The numbers of cases and controls classified by the number of risk alleles at RET SNPs rs2435357 and rs2506030 and SEMA3 SNP rs11766001, odds ratio with 95% confidence interval (CI), statistical significance of association (P) and population penetrance are provided. The penetrance value shown is the expected number of cases in 100 000 live births assuming a total population incidence of 15 cases per 100 000 live births.

The values in bold are statistically significant findings.

Figure 1.

Figure 1.

Logistic function relating HSCR risk with the number of risk alleles at RET (rs2435357, rs2506030) and SEMA3 (rs11766001).
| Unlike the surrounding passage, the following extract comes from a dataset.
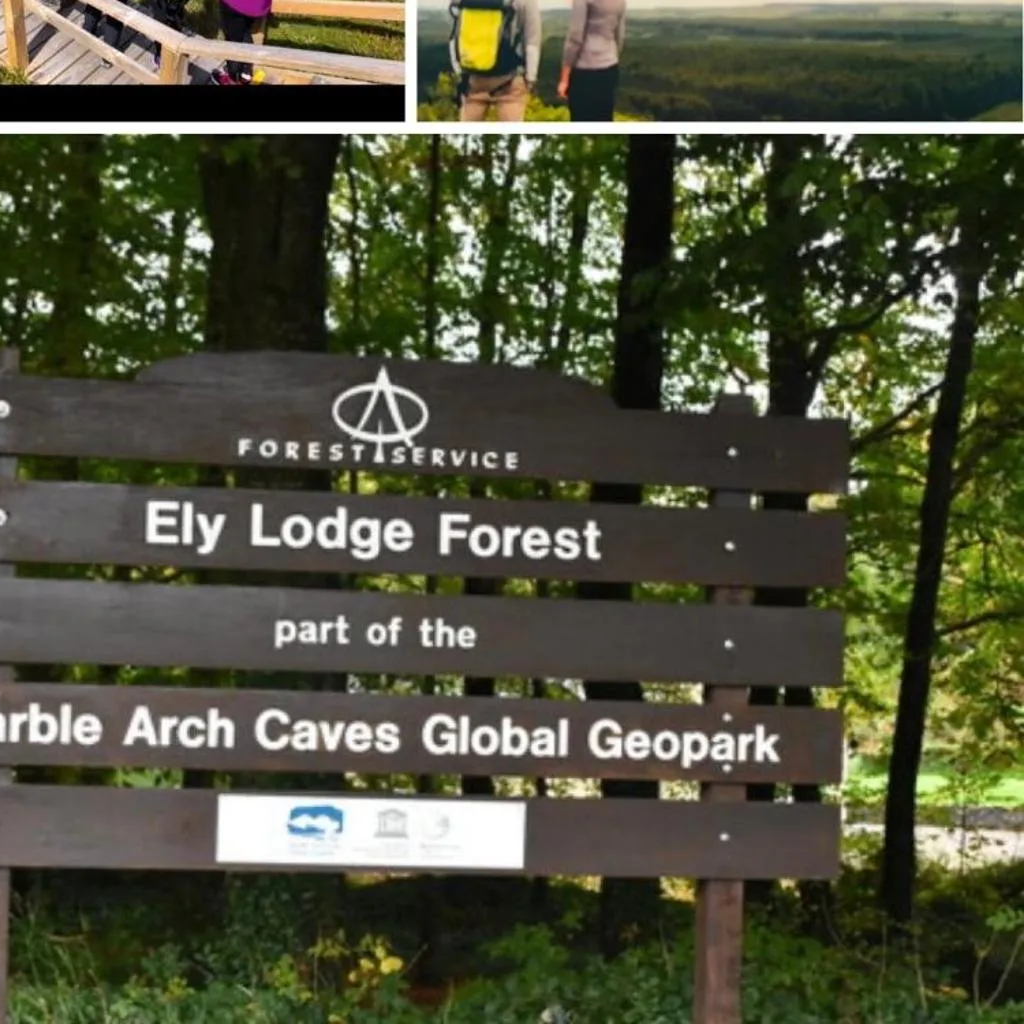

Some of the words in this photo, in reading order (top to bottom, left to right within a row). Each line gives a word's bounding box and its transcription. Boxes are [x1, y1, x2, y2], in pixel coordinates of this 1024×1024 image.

These results can be used to estimate the population penetrance (population probability of being affected given each genotype) for each risk allele count (classes: 0-6) using the observed background frequency of each class in controls and assuming a population HSCR incidence of 15 cases per 100 000 live births. These values, shown in Table 2 as the expected number of cases per 100 000 live births, vary between 5.4 cases and 130.5 cases for zero risk allele count to five or more risk allele counts, respectively. Thus, the lowest risk class (allele count 0) has a population incidence of ∼1/20 000 live births while the highest risk class (allele count 5 or 6) has a population incidence of ∼1/800 live births. The highest risks emanate from those with three or more risk alleles (Table 2).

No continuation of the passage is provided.